"Tasks" - Robert Lee Kendrick
End day sun
seeps through primer gray
clouds, gives
the last of its warmth
to the rain
swollen creek, as a hook
necked buzzard
picks flesh from a possum
behind my truck.
One thing has to die
for another
to eat, I say to the leaves.
Some man's
shirtless son takes aim
at a headless
torso he's hung from a tree,
makes music
with knives, going straight
to the heart.
Driving home to my wife,
I'll spread
tailpipe smoke on young trees. Two years
since she miscarried.
Some chromosome rot in one of us, or both,
& no luck.
A small wake drives water
apart. A beaver
gathers mouthfuls of branches & mud,
his daily work
of patching the dam.
Robert Lee Kendrick will be featured reader at next month's Word of Mouth open mic on Wednesday, July 5. In a June 2016 interview he said of his writing that "place does it for me.
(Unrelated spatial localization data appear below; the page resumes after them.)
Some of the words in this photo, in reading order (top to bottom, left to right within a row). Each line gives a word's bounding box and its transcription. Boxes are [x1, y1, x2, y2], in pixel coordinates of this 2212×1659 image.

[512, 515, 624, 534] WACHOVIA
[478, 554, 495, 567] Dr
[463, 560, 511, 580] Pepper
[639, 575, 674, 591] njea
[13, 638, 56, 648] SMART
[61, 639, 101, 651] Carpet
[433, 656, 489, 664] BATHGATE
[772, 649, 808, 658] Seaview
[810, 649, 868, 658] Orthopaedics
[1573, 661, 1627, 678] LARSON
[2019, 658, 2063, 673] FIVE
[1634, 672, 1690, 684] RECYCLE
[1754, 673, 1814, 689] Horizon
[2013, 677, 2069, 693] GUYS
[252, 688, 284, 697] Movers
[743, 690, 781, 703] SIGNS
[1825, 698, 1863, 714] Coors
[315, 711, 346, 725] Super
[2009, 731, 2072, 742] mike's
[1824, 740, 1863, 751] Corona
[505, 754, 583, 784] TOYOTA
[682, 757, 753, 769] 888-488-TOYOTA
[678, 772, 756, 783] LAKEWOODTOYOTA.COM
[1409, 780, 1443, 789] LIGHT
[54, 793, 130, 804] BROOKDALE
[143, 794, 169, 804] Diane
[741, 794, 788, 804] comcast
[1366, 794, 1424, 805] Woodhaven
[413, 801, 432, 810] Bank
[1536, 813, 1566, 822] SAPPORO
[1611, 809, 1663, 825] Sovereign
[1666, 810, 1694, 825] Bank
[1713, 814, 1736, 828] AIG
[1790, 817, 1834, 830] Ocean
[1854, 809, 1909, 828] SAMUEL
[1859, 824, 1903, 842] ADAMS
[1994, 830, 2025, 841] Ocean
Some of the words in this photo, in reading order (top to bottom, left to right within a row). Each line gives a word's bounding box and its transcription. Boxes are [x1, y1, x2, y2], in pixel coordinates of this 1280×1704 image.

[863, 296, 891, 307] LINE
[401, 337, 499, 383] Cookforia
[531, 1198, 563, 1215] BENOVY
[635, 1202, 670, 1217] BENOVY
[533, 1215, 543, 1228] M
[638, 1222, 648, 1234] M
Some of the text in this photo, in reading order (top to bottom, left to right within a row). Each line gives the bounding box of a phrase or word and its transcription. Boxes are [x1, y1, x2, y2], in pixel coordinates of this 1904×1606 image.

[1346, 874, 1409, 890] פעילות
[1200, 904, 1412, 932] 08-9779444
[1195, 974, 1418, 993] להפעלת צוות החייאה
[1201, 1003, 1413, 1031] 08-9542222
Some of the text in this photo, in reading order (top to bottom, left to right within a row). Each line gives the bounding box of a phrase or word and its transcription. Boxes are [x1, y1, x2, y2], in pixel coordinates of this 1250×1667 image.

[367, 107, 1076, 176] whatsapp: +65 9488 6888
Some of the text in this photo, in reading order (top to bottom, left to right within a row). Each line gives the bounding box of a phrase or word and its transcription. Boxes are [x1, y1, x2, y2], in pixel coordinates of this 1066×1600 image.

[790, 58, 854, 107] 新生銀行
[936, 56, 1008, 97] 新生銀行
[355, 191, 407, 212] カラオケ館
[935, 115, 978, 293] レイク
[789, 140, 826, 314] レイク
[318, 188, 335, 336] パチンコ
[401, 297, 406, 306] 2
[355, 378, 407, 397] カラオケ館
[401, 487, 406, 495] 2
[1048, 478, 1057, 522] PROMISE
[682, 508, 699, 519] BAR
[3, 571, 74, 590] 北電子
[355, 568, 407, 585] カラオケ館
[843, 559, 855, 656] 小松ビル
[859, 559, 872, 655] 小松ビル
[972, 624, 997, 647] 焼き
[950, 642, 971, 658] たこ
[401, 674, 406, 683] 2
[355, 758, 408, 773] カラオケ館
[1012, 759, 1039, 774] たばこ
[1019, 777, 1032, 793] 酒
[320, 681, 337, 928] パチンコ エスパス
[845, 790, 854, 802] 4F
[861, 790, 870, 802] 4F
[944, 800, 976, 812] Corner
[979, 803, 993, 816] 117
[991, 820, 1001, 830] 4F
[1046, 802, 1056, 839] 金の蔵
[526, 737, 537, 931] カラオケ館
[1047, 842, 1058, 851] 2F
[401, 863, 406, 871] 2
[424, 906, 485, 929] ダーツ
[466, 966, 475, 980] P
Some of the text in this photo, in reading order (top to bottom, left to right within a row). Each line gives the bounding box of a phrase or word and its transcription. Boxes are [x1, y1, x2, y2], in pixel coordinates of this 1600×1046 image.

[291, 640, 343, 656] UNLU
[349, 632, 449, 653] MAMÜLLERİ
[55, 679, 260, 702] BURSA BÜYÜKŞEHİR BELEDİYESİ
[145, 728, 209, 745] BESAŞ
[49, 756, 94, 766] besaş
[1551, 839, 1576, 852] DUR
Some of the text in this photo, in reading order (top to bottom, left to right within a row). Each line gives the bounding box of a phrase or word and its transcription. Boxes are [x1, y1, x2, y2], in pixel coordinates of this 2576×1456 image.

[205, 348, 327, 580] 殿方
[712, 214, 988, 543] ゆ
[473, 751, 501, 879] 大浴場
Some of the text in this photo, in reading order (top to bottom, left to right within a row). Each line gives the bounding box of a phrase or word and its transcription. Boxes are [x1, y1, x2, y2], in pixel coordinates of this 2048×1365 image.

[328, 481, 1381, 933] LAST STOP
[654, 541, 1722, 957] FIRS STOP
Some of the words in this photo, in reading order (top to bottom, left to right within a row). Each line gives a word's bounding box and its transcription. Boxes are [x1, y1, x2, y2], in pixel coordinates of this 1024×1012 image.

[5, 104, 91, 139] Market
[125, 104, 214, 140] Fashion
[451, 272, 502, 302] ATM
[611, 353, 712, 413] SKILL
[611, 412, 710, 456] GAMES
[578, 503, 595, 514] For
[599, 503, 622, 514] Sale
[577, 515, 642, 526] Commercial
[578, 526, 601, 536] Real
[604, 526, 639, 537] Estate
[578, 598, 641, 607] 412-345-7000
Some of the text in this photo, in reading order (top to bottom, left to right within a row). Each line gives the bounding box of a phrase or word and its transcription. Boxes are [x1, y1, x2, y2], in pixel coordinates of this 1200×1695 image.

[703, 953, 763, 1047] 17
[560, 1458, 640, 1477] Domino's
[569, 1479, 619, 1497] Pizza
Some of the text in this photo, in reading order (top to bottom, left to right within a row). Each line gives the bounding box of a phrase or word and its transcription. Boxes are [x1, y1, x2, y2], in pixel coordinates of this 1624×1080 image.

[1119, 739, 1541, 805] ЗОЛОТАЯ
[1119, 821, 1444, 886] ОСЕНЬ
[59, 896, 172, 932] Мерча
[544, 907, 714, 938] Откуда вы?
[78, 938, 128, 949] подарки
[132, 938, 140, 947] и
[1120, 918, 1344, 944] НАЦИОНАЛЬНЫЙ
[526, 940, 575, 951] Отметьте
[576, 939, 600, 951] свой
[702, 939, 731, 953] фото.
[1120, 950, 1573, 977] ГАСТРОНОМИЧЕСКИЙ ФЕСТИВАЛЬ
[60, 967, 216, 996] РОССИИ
The roads, creeks, and lakes of Pickens County, South Carolina, and the fields and towns of central Illinois where I grew up. I see so much road kill that I get a lot from decay and rot, as well — that’s been a big thing for about six months. Natural decay is a miracle, the biological process that nature uses to heal and renew itself. There’s no unfinished business, and I don’t know that humans can do that with loss, even with rituals, therapy, art, whatever."